Reactivity Found as Extraction from oxide
Low (Au, Ag, Pt) Free (native) state Little processing needed
Medium (Fe, Zn, Pb, Cu) Sulphides/carbonates Convert to oxide, then reduce with carbon
High (K, Na, Ca, Mg, Al) Chlorides/oxides Electrolytic reduction (too reactive for carbon)
Steps of metallurgy:
1. Enrichment/concentration of the ore (removing impurities/gangue).
2. Roasting — heat sulphide ore in air → oxide. (2ZnS + 3O₂ → 2ZnO + 2SO₂)
3. Calcination — heat carbonate ore in limited air → oxide. (ZnCO₃ → ZnO + CO₂)
4. Reduction of oxide to metal: carbon for medium-reactivity metals (ZnO + C → Zn + CO); electrolysis for high-reactivity metals.
5. Refining — mostly electrolytic refining (impure metal at anode, pure at cathode).
Thermit reaction (aluminium reduces iron oxide, very exothermic):
Fe₂O₃ + 2Al → 2Fe + Al₂O₃ + heat — used to weld railway tracks.
Corrosion and Alloys
Corrosion — the slow eating away of a metal by air, moisture, or chemicals. Rusting of iron (needs both oxygen and moisture) gives reddish-brown hydrated iron(III) oxide.
Prevention of rusting: painting, oiling/greasing, galvanisation (coating iron with zinc), chrome plating, anodising, and making alloys (like stainless steel).
Alloy — a homogeneous mixture of a metal with another metal or non-metal, made to improve properties (harder, more resistant, better lustre). An amalgam is an alloy containing mercury.
Alloy Composition Note
Steel Iron + carbon Stronger than iron
Stainless steel Iron + chromium + nickel Rust-resistant
Brass Copper + zinc —
Bronze Copper + tin —
Solder Lead + tin Low melting point, used for joining wires
24-carat gold is pure; jewellery uses 22-carat gold (alloyed with copper/silver for hardness). Alloying also changes other properties: pure iron is soft, but adding a small amount of carbon makes hard steel, and adding nickel and chromium makes stainless steel that does not rust. The electrical conductivity and melting point of a metal are generally lower for its alloy than for the pure metal — which is exactly why solder (a lead–tin alloy) melts easily and is useful for joining electrical wires.
Important Question Patterns
1. Reactivity/displacement (2–3 marks): predict whether a reaction occurs (e.g. can copper displace zinc? No); arrange metals by reactivity; explain why metals are stored in kerosene.

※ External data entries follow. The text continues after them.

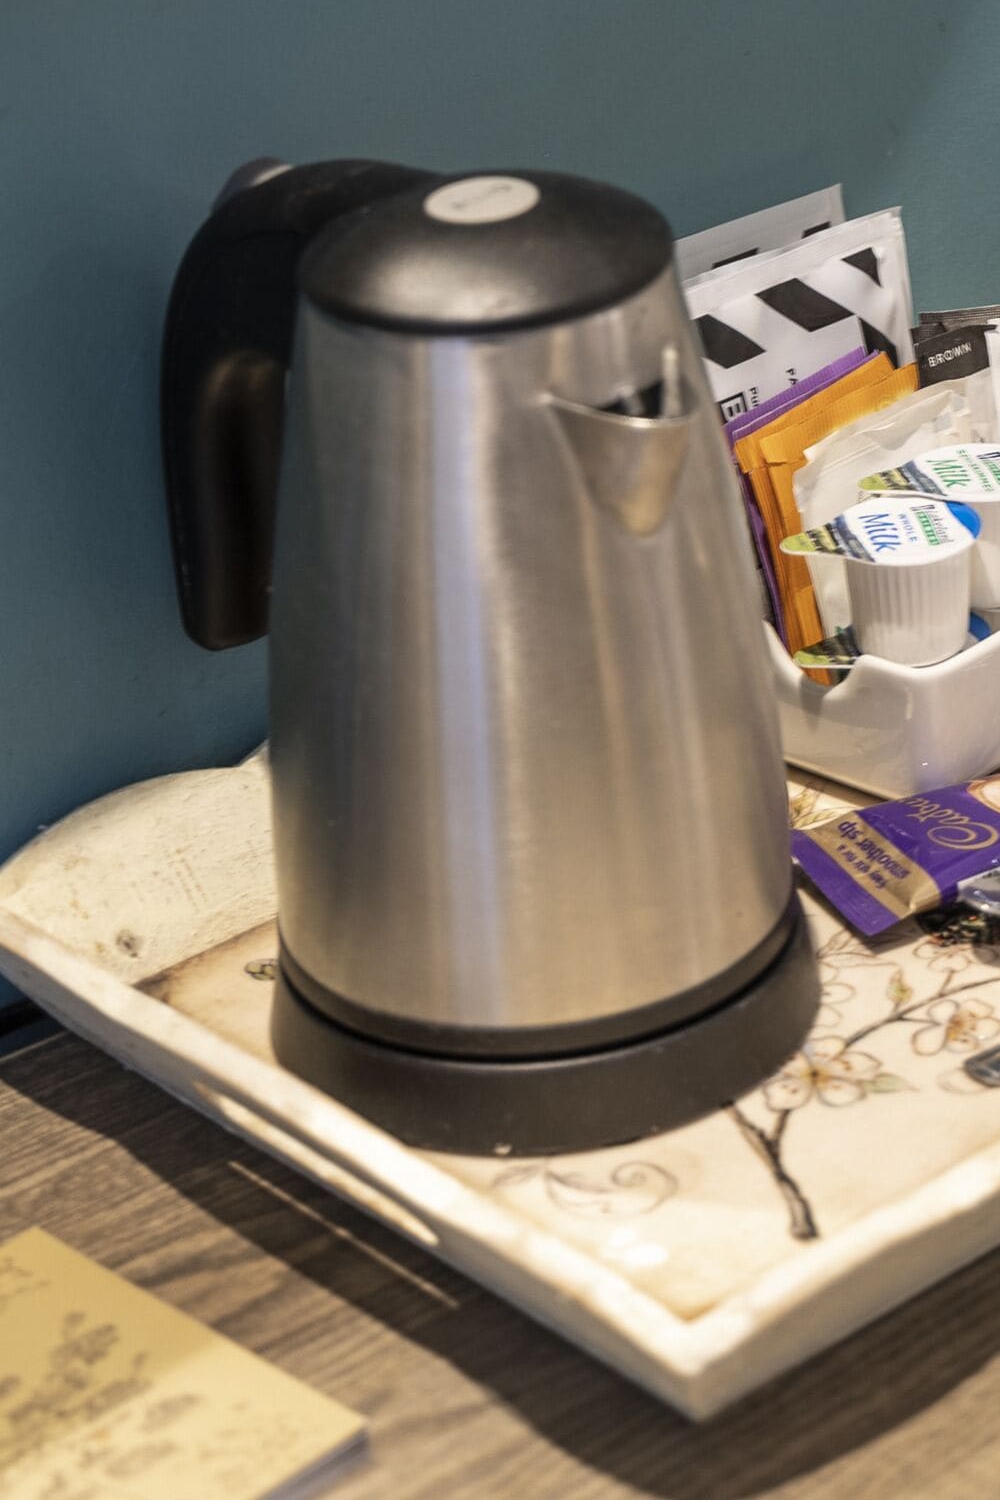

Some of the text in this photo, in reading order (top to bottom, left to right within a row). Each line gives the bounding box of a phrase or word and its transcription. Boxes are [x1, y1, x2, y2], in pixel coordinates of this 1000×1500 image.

[928, 342, 972, 368] BROWN
[926, 459, 972, 489] Milk
[858, 513, 902, 553] Milk
[898, 513, 918, 543] WHOLE
[859, 837, 911, 879] smoother
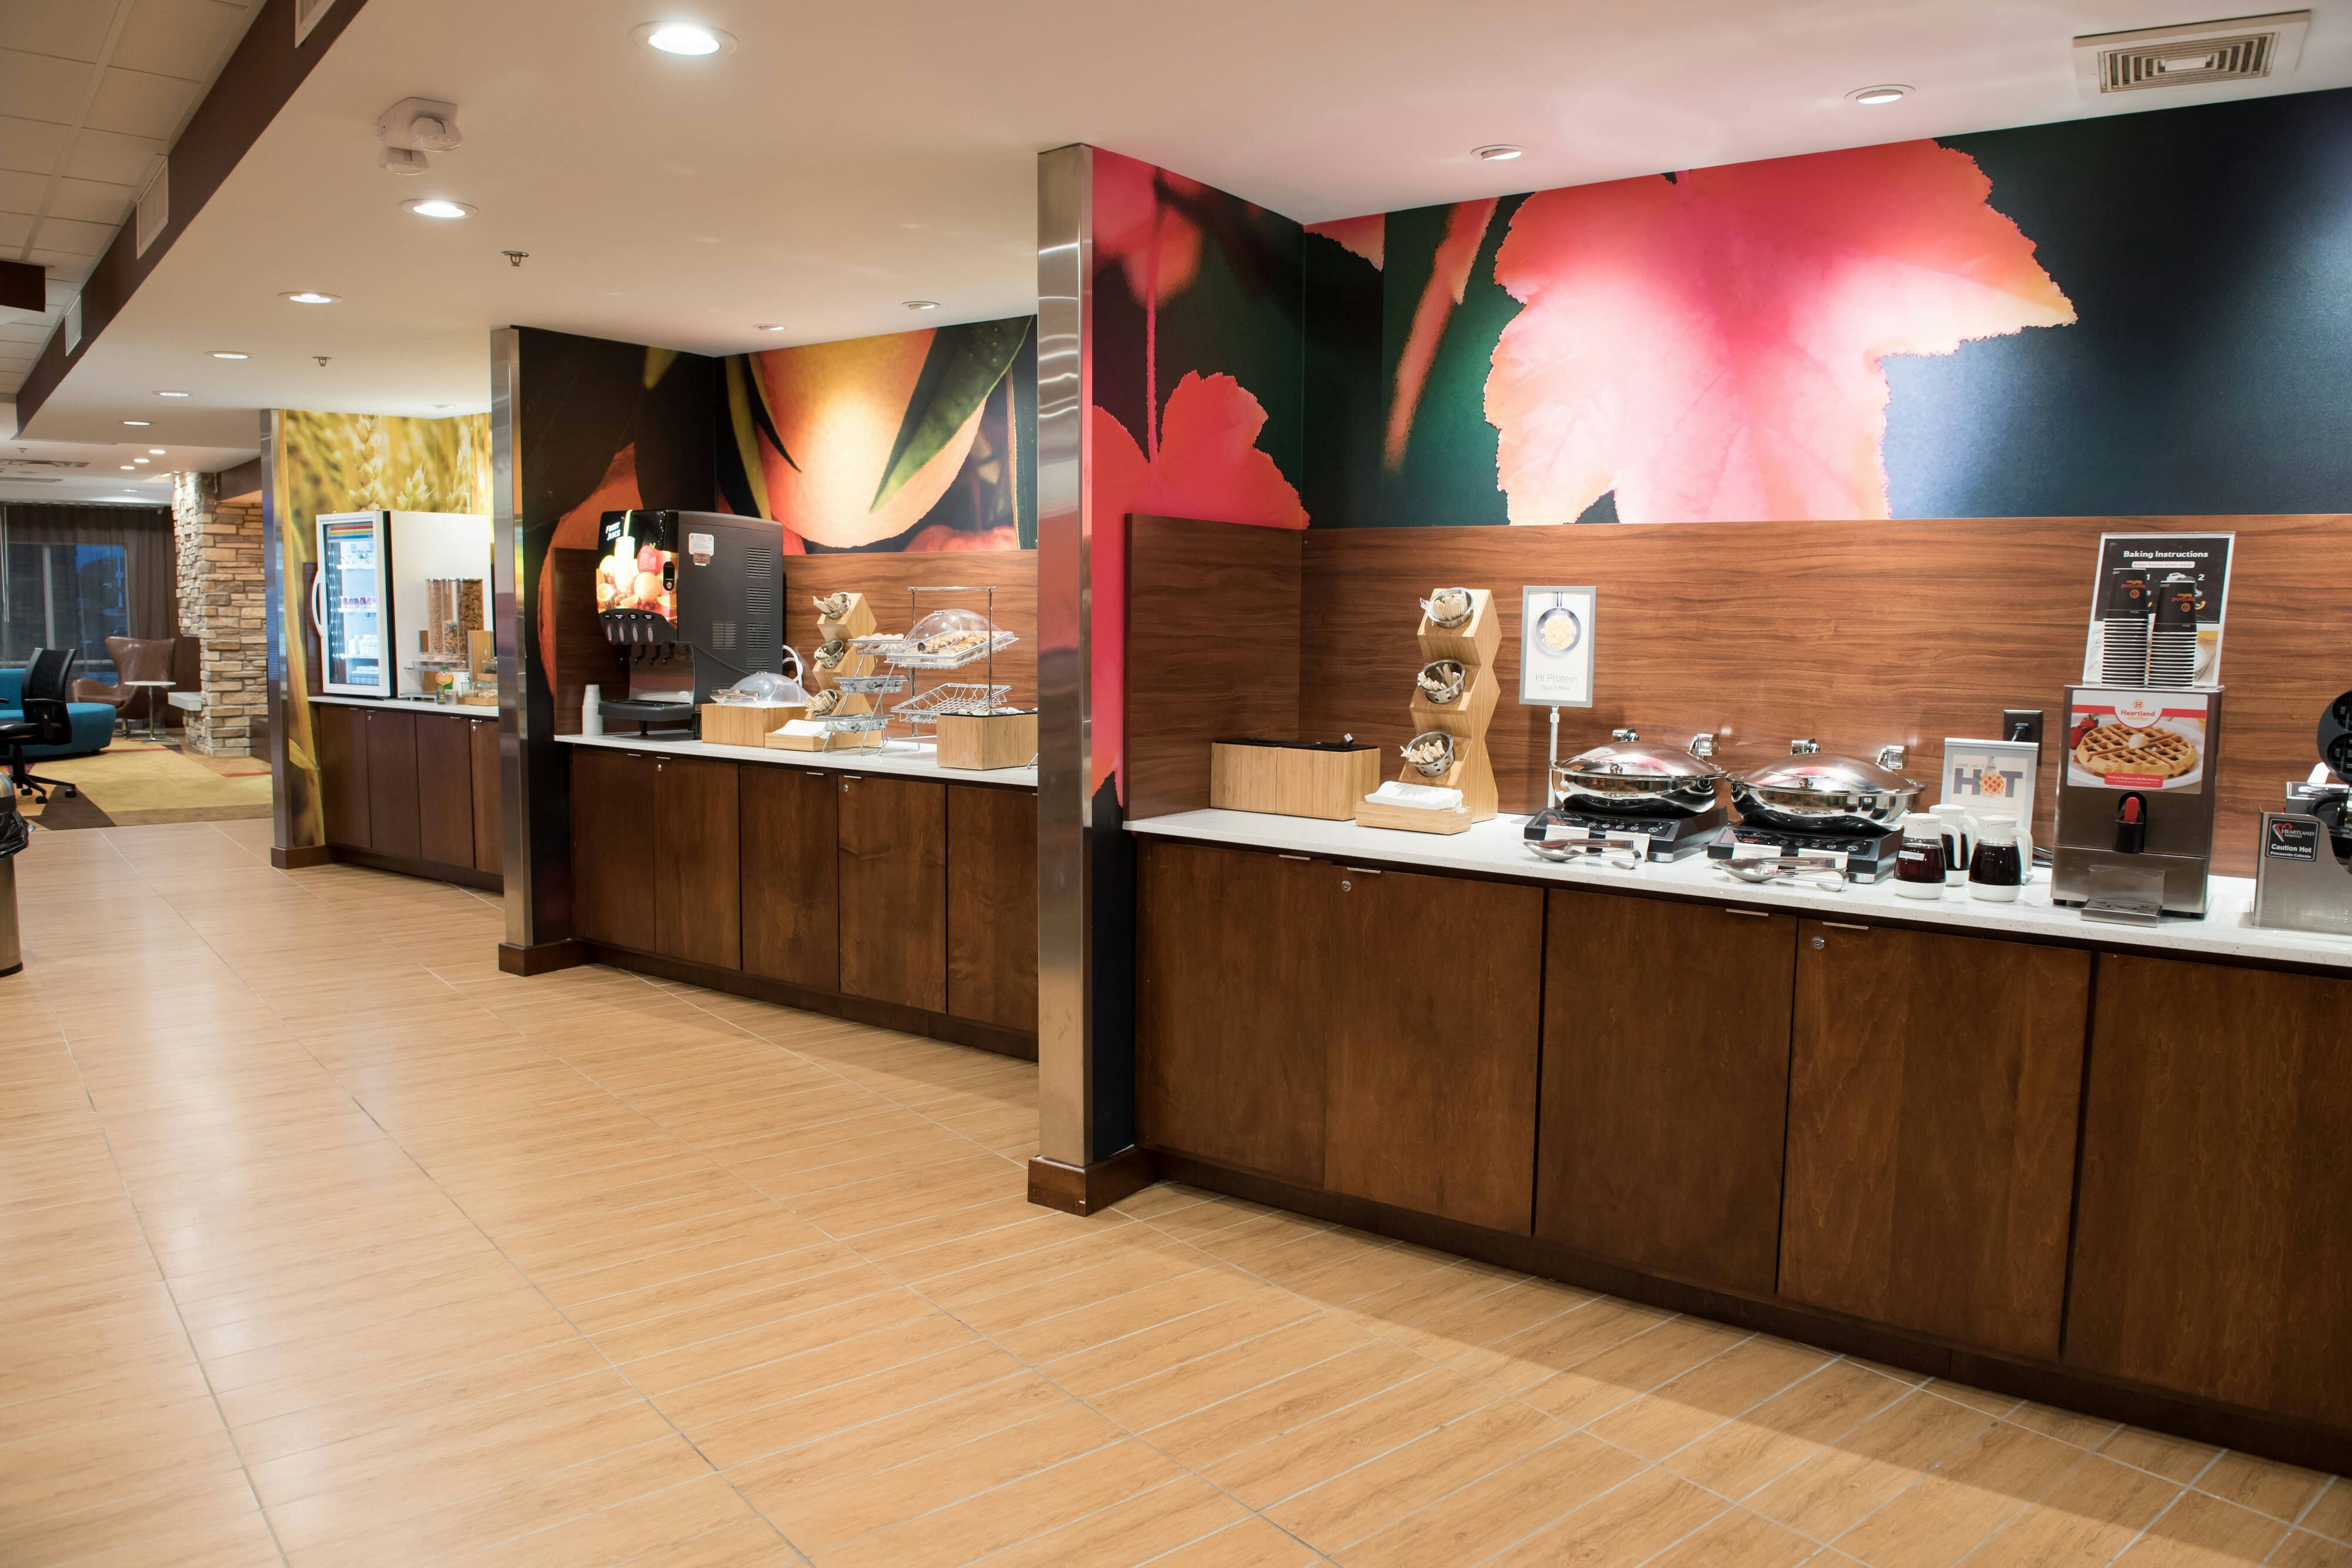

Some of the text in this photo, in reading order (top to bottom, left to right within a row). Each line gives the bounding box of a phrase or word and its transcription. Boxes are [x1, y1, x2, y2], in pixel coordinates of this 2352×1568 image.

2. Metallurgy (3 marks): define roasting vs calcination with equations; extraction method for a given metal from its position in the series; the thermit reaction.
3. Ionic compounds (2–3 marks): electron transfer in NaCl; why ionic compounds have high melting points and conduct only when molten/aqueous.
4. Corrosion (2 marks): conditions for rusting; methods of prevention (galvanisation especially).
5. Alloys (2 marks): composition of brass, bronze, solder, stainless steel; why alloys are made; amalgam.
⚡ Quick Revision
- Metals: lustrous, malleable, ductile, sonorous, conduct heat/electricity. Exceptions: Hg liquid; Na/K soft; graphite conducts; iodine lustrous.
- Reactivity series: K Na Ca Mg Al Zn Fe Pb (H) Cu Ag Au. Above H → displace H₂ from acids.
- Reactions: metal + O₂ → oxide (basic; amphoteric = Al₂O₃, ZnO); metal + acid → salt + H₂↑; displacement by more reactive metal.
- Na/K stored in kerosene (react violently with air/water).
- Ionic compounds: high m.p., soluble in water, conduct when molten/dissolved only.
- Extraction: low reactivity = free; medium = roasting/calcination → carbon reduction; high = electrolysis.
- Roasting (sulphide + air → oxide); calcination (carbonate → oxide). Refining = electrolytic.
- Thermit: Fe₂O₃ + 2Al → 2Fe + Al₂O₃ + heat.
- Galvanisation = zinc coating stops rust. Alloys: brass (Cu+Zn), bronze (Cu+Sn), solder (Pb+Sn), stainless steel (Fe+Cr+Ni); amalgam contains mercury.